Dallas, Texas, July 20, 1966

INTERPRETATIONS APPLYING TO AMENDMENT AND SUPPLEMENT TO REGULATION Q
EFFECTIVE JULY 20, 1966

To All Member Banks in the
Eleventh Federal Reserve District:

A number of questions have been raised concerning the Amendment to Regulation Q effective
July 20, 1966, defining “multiple maturity time deposits”, and the revised Supplement, also effective
July 20, 1966, fixing a maximum rate of 5 per cent per annum on new multiple maturity deposits of
90 days or more, and 4 per cent for those of less than 90 days.
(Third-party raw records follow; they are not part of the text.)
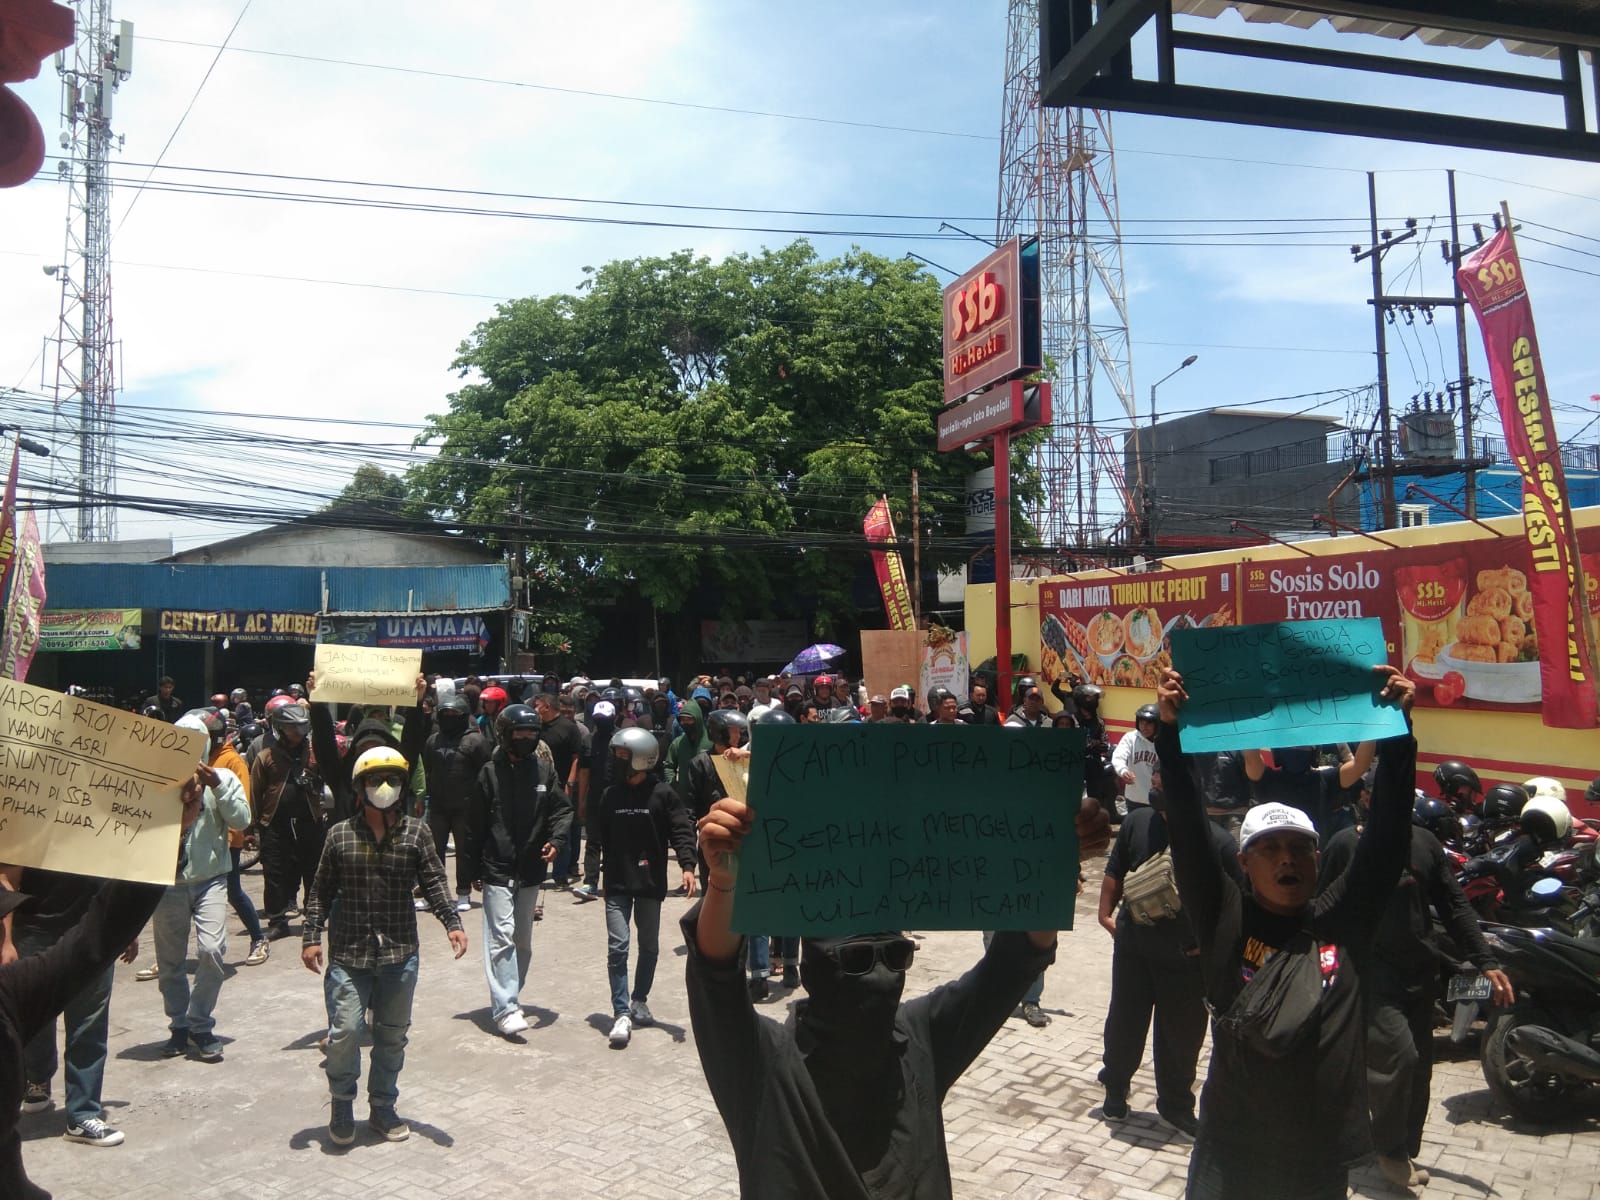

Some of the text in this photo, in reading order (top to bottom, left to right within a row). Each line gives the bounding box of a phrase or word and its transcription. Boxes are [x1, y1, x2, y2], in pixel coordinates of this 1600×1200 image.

[1478, 258, 1516, 291] SSb
[952, 271, 1001, 341] SSb
[1512, 336, 1547, 456] SPESIAL
[1059, 576, 1207, 608] DARI MATA TURUN KE PERUT
[1270, 561, 1380, 593] Sosis Solo
[1417, 581, 1445, 599] SSb
[161, 610, 239, 633] CENTRAL
[245, 613, 268, 633] AC
[271, 613, 318, 635] MOBIL
[1285, 595, 1362, 619] Frozen
[387, 618, 456, 637] UTAMA
[512, 618, 524, 634] AC
[1277, 625, 1351, 650] PEMDA
[8, 717, 108, 757] WADUNG ASRI
[893, 739, 989, 781] PUTRA
[89, 770, 145, 800] LAHAN
[3, 797, 48, 819] PIHAK
[49, 785, 59, 801] DI
[63, 786, 92, 806] SSB
[112, 803, 152, 819] BUKAN
[762, 815, 905, 868] BERHAK
[746, 863, 864, 895] LAHAN
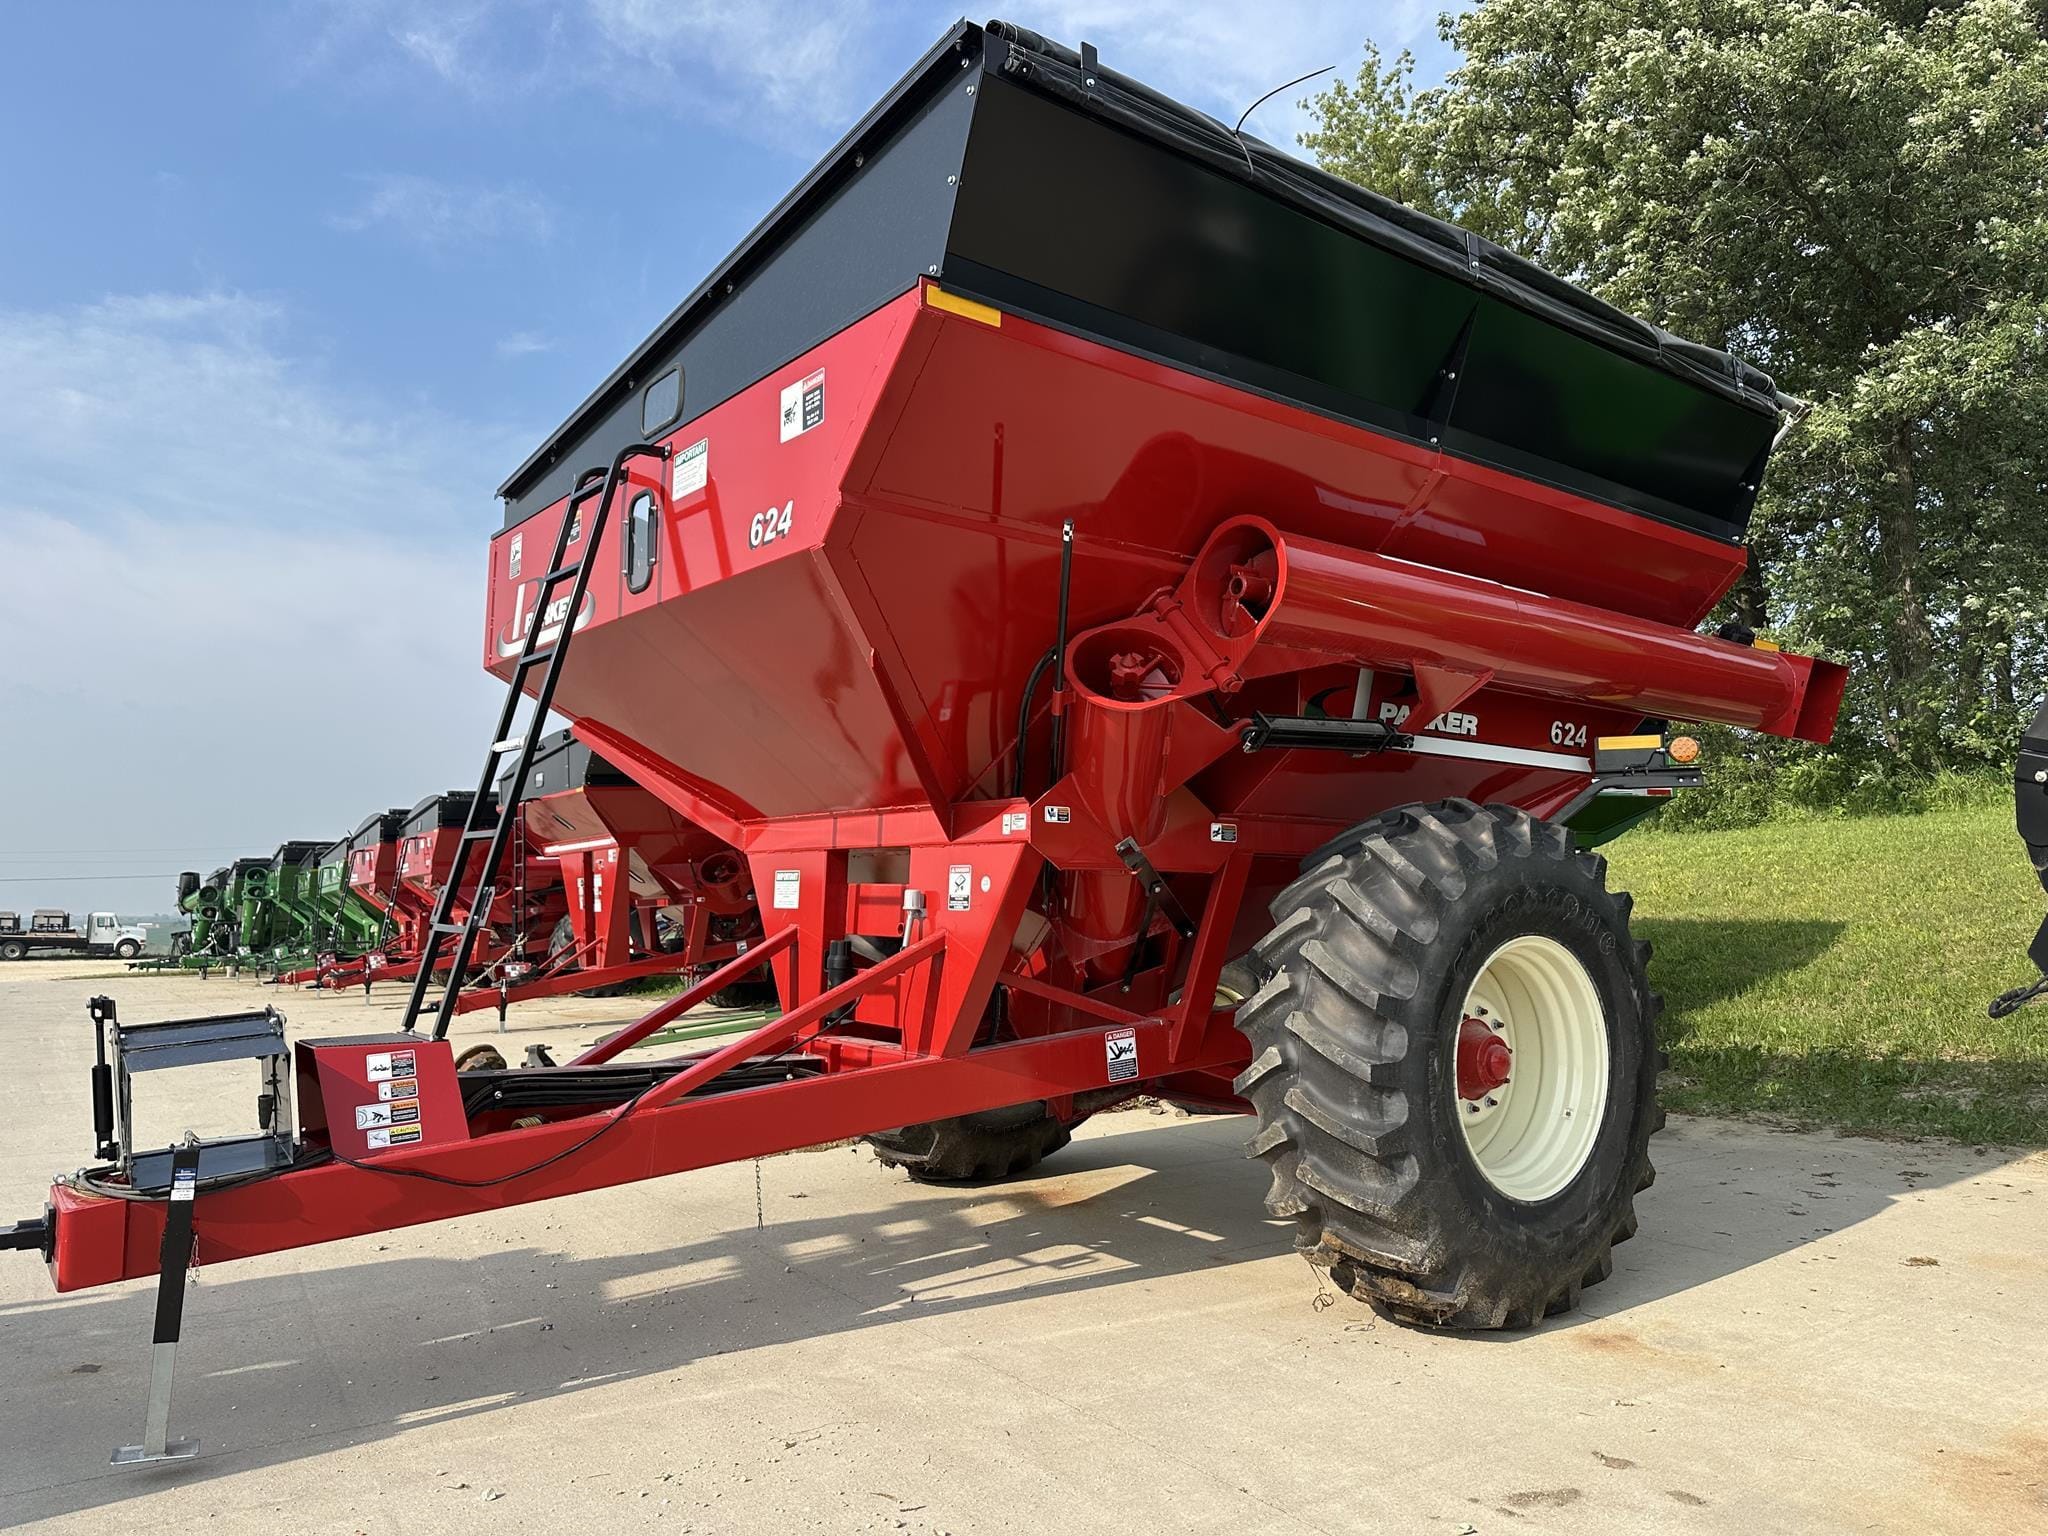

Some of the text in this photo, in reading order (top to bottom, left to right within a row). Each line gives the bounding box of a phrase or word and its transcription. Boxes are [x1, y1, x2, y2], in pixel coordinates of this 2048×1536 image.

The following comments are intended
to clarify questions that have been raised and assist member banks in interpreting and applying
the amendment and the revised supplement.
The amendments prescribe maximum rates of 5 per cent or 4 per cent on “multiple maturity
time deposits”, depending upon the maturities or terms of withdrawal or repayment specified in
the deposit contract. A multiple maturity time deposit is a time deposit (whether a certificate or
a time deposit, open account) that permits withdrawal by the depositor, at his option, at more than
one date, including deposits payable on alternative specified dates, payable at any time after prior
written notice, or providing for automatic renewal at maturity. A deposit with a single fixed date
of payment, such as one payable only on a specified date, is not a multiple maturity deposit, and
such a deposit may continue to bear interest up to a maximum rate of 5 per cent.
In determining whether the maximum rate on a multiple maturity deposit is 5 per cent or
4 per cent, the test is the length of the interval between the date of any permissible withdrawal
and the date of the deposit or the last preceding date when withdrawal would have been permissible.
If the interval is 90 days or more, the maximum rate is 5 per cent; if it is less than 90 days, the
maximum rate is 4 per cent.
The amendments apply only to deposits received on or after July 20, 1966. They do not affect
deposits made before that date even though the bank may have a right to terminate the deposit
contract or to modify the contract rate.
Following are some illustrative cases regarding the application of the amendments:
1. A deposit is payable three months, six months, or nine months after the date of deposit.
The maximum rate is 5 per cent.
2. A certificate is payable one year after date or at any time prior thereto after 30 days’
written notice. The maximum rate is 4 per cent.
3. A six-month certificate provides for automatic renewal at maturity for a further six months.
The maximum rate is 5 per cent.
4. A certificate is payable one year after date and thereafter upon 30 days’ written notice.
The maximum rate is 5 per cent for the one-year period and 4 per cent for any period after one year.

(O V E R )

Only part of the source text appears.